**Work required**
Reproduce the records below exactly; no pictures.

**Input**
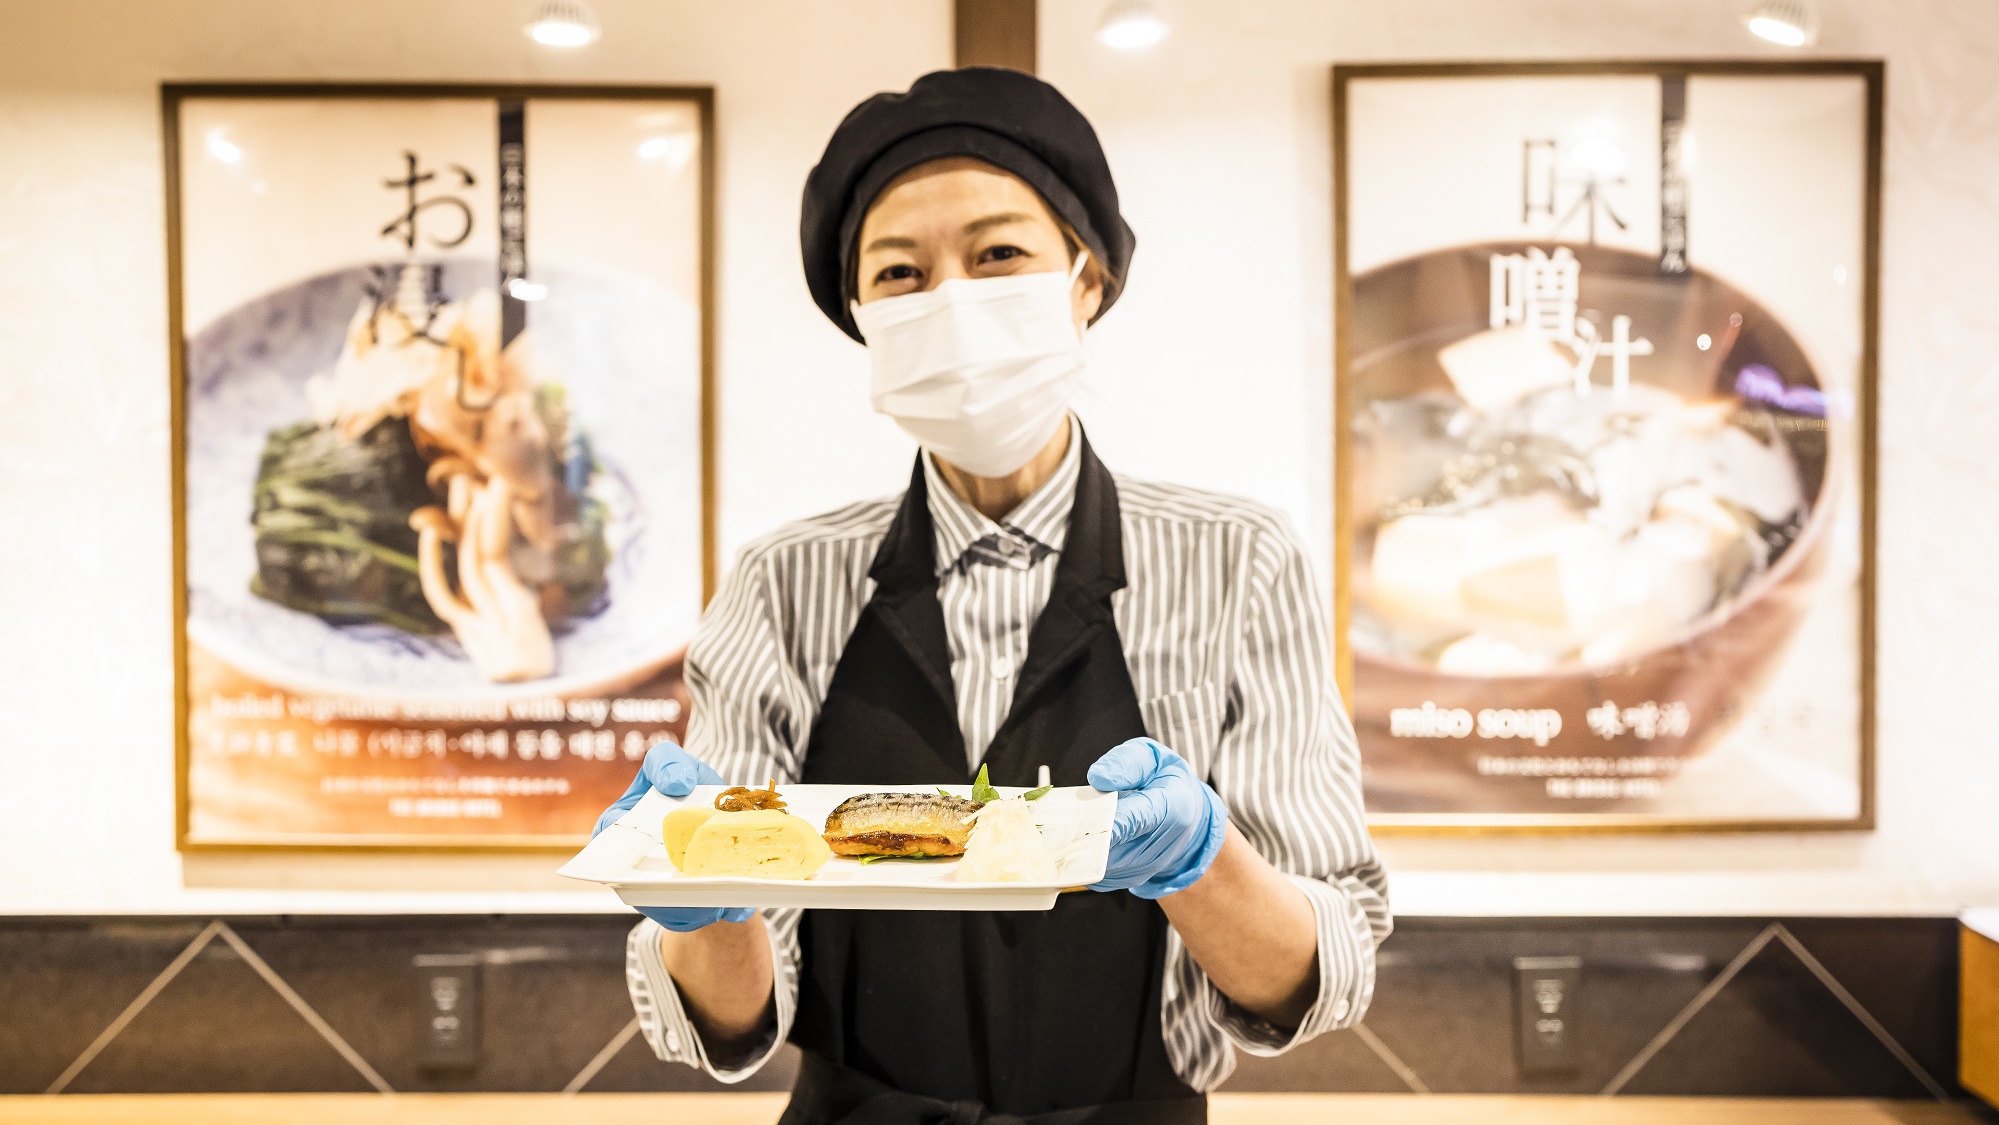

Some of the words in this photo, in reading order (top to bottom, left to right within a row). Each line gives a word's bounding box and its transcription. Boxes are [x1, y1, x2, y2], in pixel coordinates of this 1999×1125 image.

[566, 697, 611, 727] soy
[611, 698, 682, 723] sauce
[1390, 700, 1474, 738] miso
[1476, 708, 1563, 746] soup

**Output for this task**
Some of the words in this photo, in reading order (top to bottom, left to right within a row). Each line gives a word's bounding box and its transcription. Boxes are [x1, y1, x2, y2], in pixel coordinates of this 1999×1125 image.

[566, 697, 611, 727] soy
[611, 698, 682, 723] sauce
[1390, 700, 1474, 738] miso
[1476, 708, 1563, 746] soup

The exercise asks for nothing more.